We Americans loathe growing old; we fear not only death itself but also its inexorable harbingers: diminishment, isolation, and loss. For this and many other reasons, the oldest members of our society tend to be sequestered, physically and socially, largely out of sight and mind. Another Country, the metaphoric title connoting this separation, represents Mary Pipher's attempt to come to terms with her own fears of growing old and to "map out the terra incognita between old people and their children to help each generation to understand the other."
The book is an amalgam of Reader's Digest-style life stories of average elderly Americans, informed by both psychological and sociological analysis and commentary. Vignettes describing the emotional and physical landscape of old-old age are drawn from the author's own extended family, from histories related by her clients in therapy, and from interviews she conducted with Midwestern senior citizens.

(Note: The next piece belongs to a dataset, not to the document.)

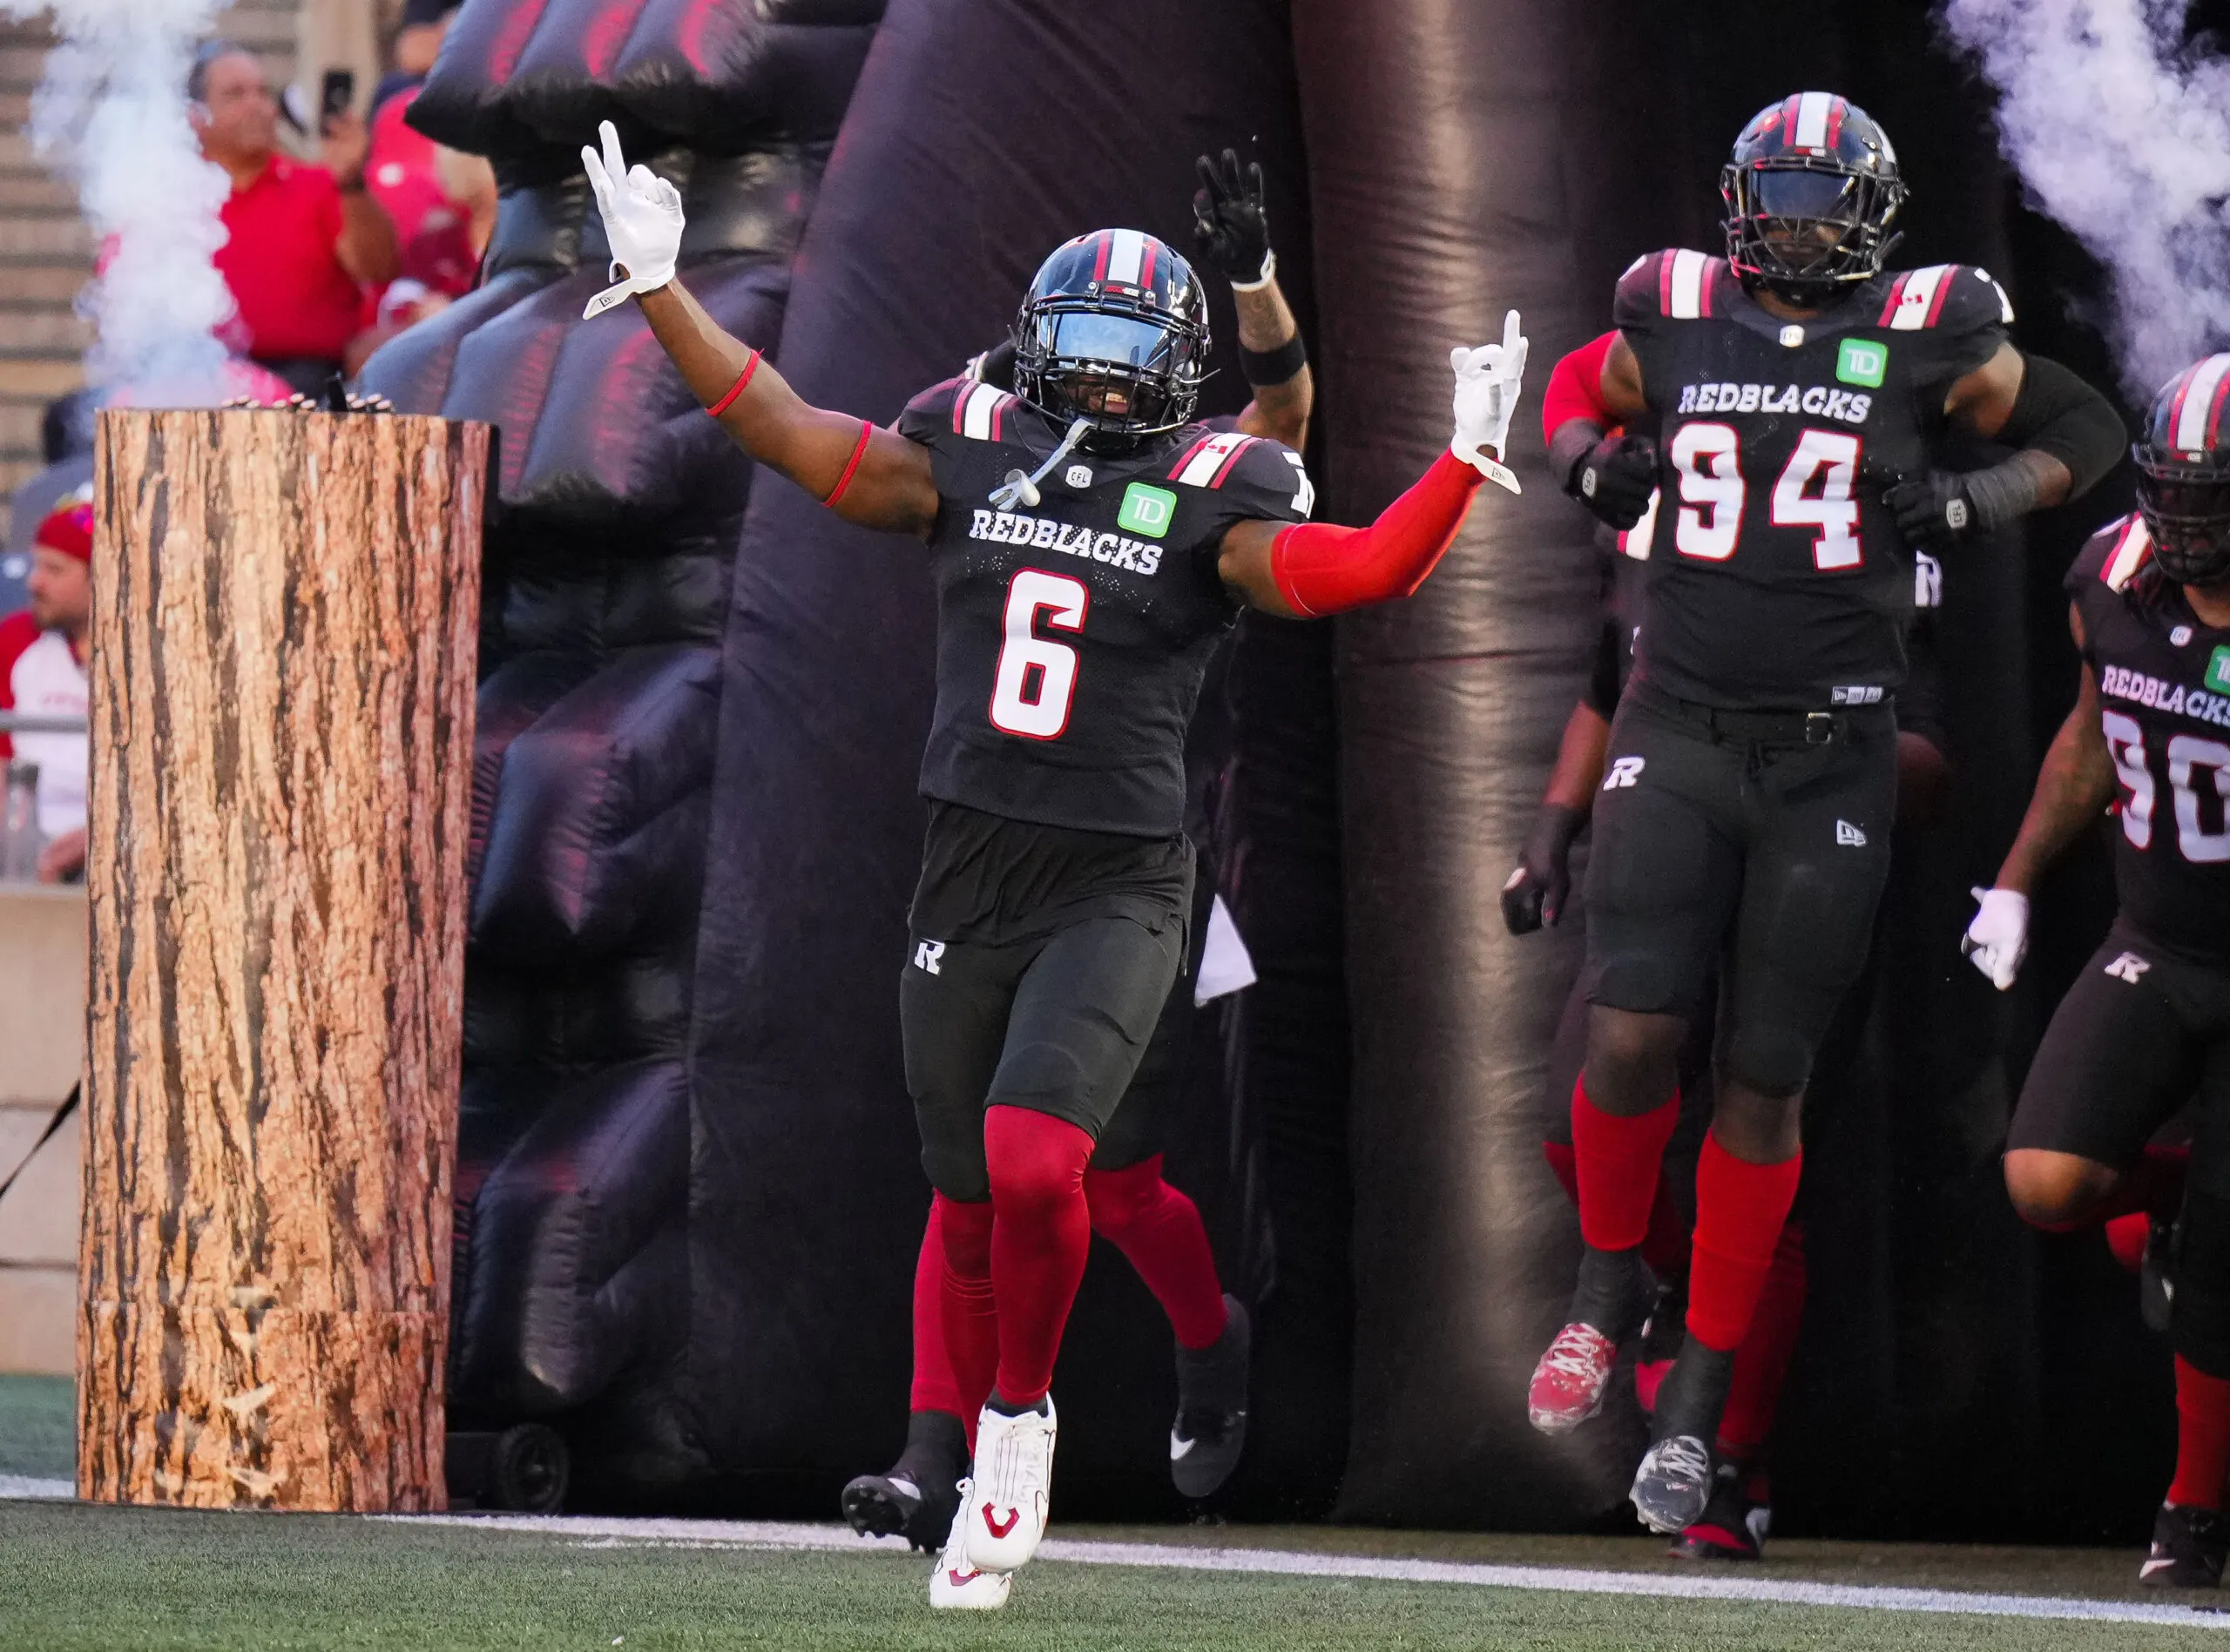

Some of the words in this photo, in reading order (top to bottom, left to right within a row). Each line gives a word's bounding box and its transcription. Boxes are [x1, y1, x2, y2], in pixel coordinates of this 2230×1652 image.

Pipher, a gifted writer, imbues her mostly ordinary characters, often through their own words, with presence and appeal. Although some poignant stories highlight positive outlooks and feelings reported by the "resilient" old, much of the personal narrative describes irrevocable painful losses in the end stages of life. This is not a book to take on vacation.
In structure and approach, Another Country is similar to the author's widely read earlier work on adolescent girls, Reviving Ophelia. Each book focuses on a different age group of the population, explicates and analyzes psychological dysfunction in that group, and connects the pathology to negative social messages and practices. Another Country reviews the rapid value changes in our culture and attributes part of the lack of connection between the old-old and subsequent generations to the ramifications of these differences. Over three generations the social virtues of loyalty, cooperation, conformity, and duty have largely been replaced by an emphasis on self-satisfaction, autonomy, and independence. As mobility has also increased, the loss of physical community and its attendant communal values has left all of us bereft of the satisfaction found in long-term, meaningful connections with others. These changes in social structure have reduced the role and potential contribution of our elders. They have become detritus in an age-segregated social fabric.
Pipher argues that correcting these social—and the resultant psychological—ills that plague our country will create a healthier, happier society for all. The prescription she advances is to reconnect the generations so they can share in creating a more supportive, communal culture. In support of this thesis she cites research done by James House in 1988, which found greater longevity among Italian immigrants who stayed in their three-generation households than among those who moved away.
Concrete actions are described that individuals can take to help themselves and contribute to the larger goal of a healthier society. Families are encouraged to "celebrate decade birthdays with family reunions, tributes, poems, and songs in honor of the birthday person. Adult children and their parents should have a certain day, perhaps every year for the old-old, when they discuss the future, … health updates, financial and housing plans, discussion of new needs, and new anxieties." Pipher advocates creating cultural rituals, markers, and rites of passage for the old and dying that will help engender more respect and understanding. "Planning for death should be like planning for college," she says, "something that happens routinely after research, thought, and discussion."
Pipher's book ferrets out wisdom and truth cloaked in mundane lives. She urges us to find ways, individually and as a nation, to face and foster a more graceful, less painful leave-taking. Good advice, yet I suspect that the despair-ridden terrain of Another Country will discourage many readers from making the trip.